ACTIVITY:
With the images removed, reproduce each entry below word for word.
Content starts
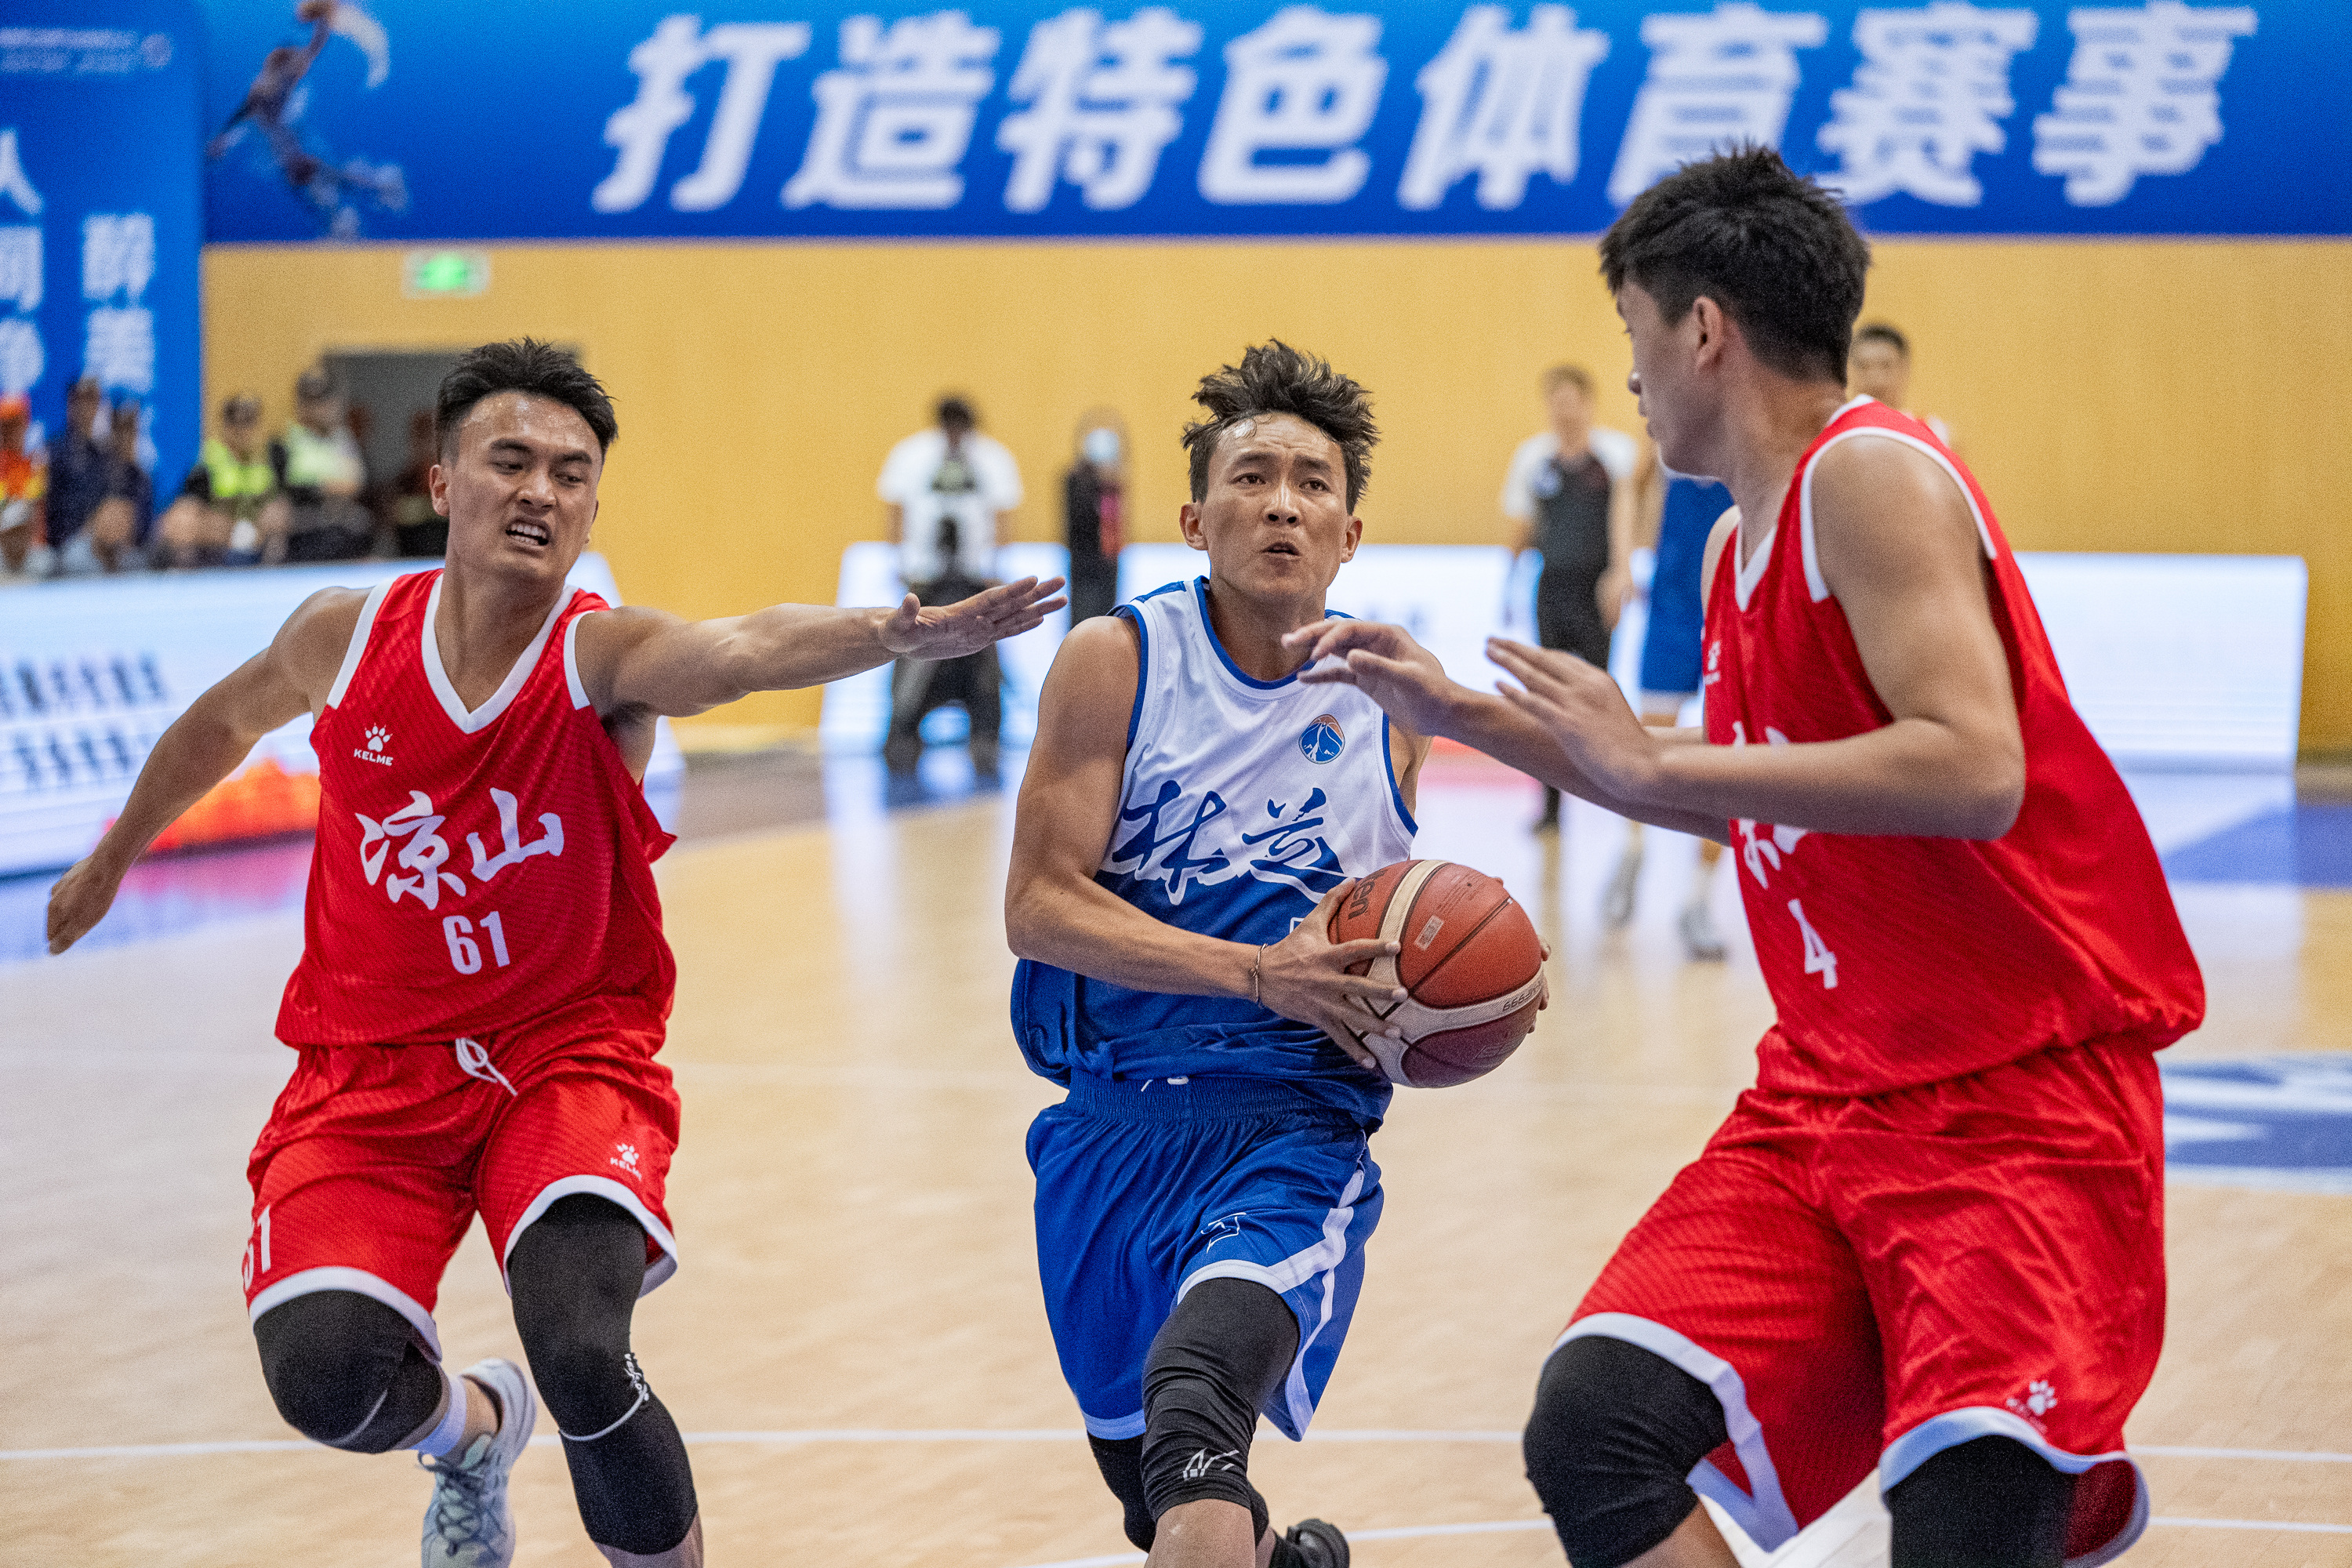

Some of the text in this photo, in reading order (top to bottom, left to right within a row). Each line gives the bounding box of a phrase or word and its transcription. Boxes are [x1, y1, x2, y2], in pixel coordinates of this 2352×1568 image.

[591, 2, 2257, 212] 打造特色体育赛事
[354, 748, 394, 766] KELME
[354, 786, 564, 910] 凉山
[441, 910, 511, 975] 61
[1788, 898, 1838, 989] 4
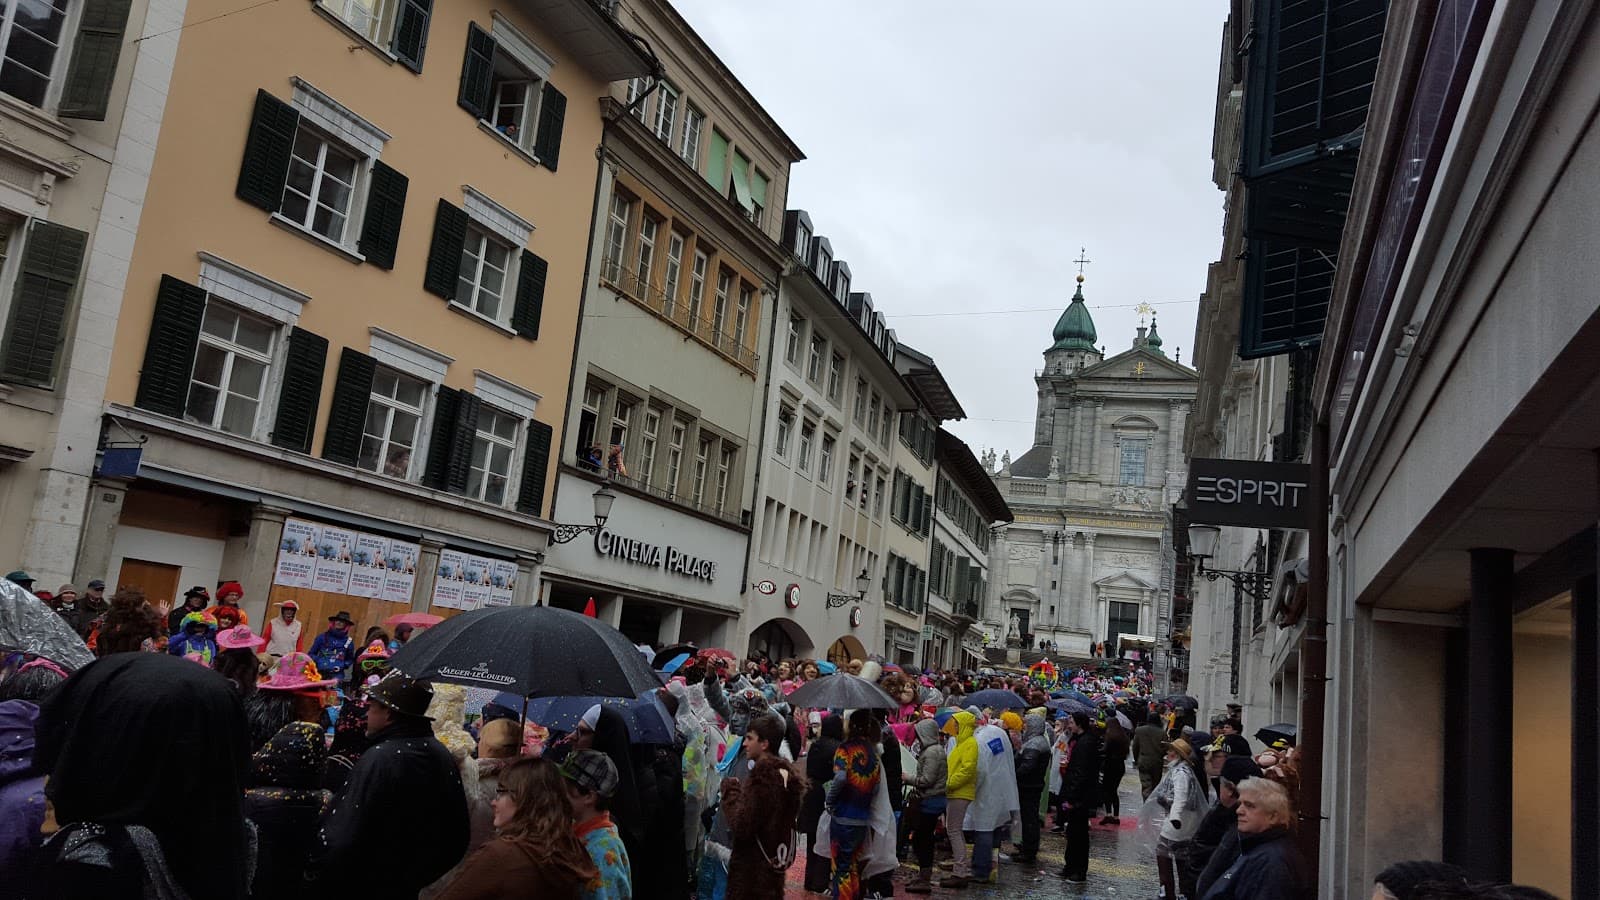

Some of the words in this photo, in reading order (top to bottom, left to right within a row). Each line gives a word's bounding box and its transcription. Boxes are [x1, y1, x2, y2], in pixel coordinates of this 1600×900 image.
Content ends
SOLUTION FOR THIS PROBLEM:
Some of the text in this photo, in reading order (top to bottom, left to right within a row). Each line gives the bounding box of a phrase or word and its transcription. Boxes are [x1, y1, x2, y2], in pixel coordinates of this 2352×1568 image.

[591, 2, 2257, 212] 打造特色体育赛事
[354, 748, 394, 766] KELME
[354, 786, 564, 910] 凉山
[441, 910, 511, 975] 61
[1788, 898, 1838, 989] 4

Some of the words in this photo, in reading order (top to bottom, left to right within a row). Each line gives a word's bounding box and its transcription. Boxes are [x1, y1, x2, y2], in pixel coordinates of this 1600×900 image.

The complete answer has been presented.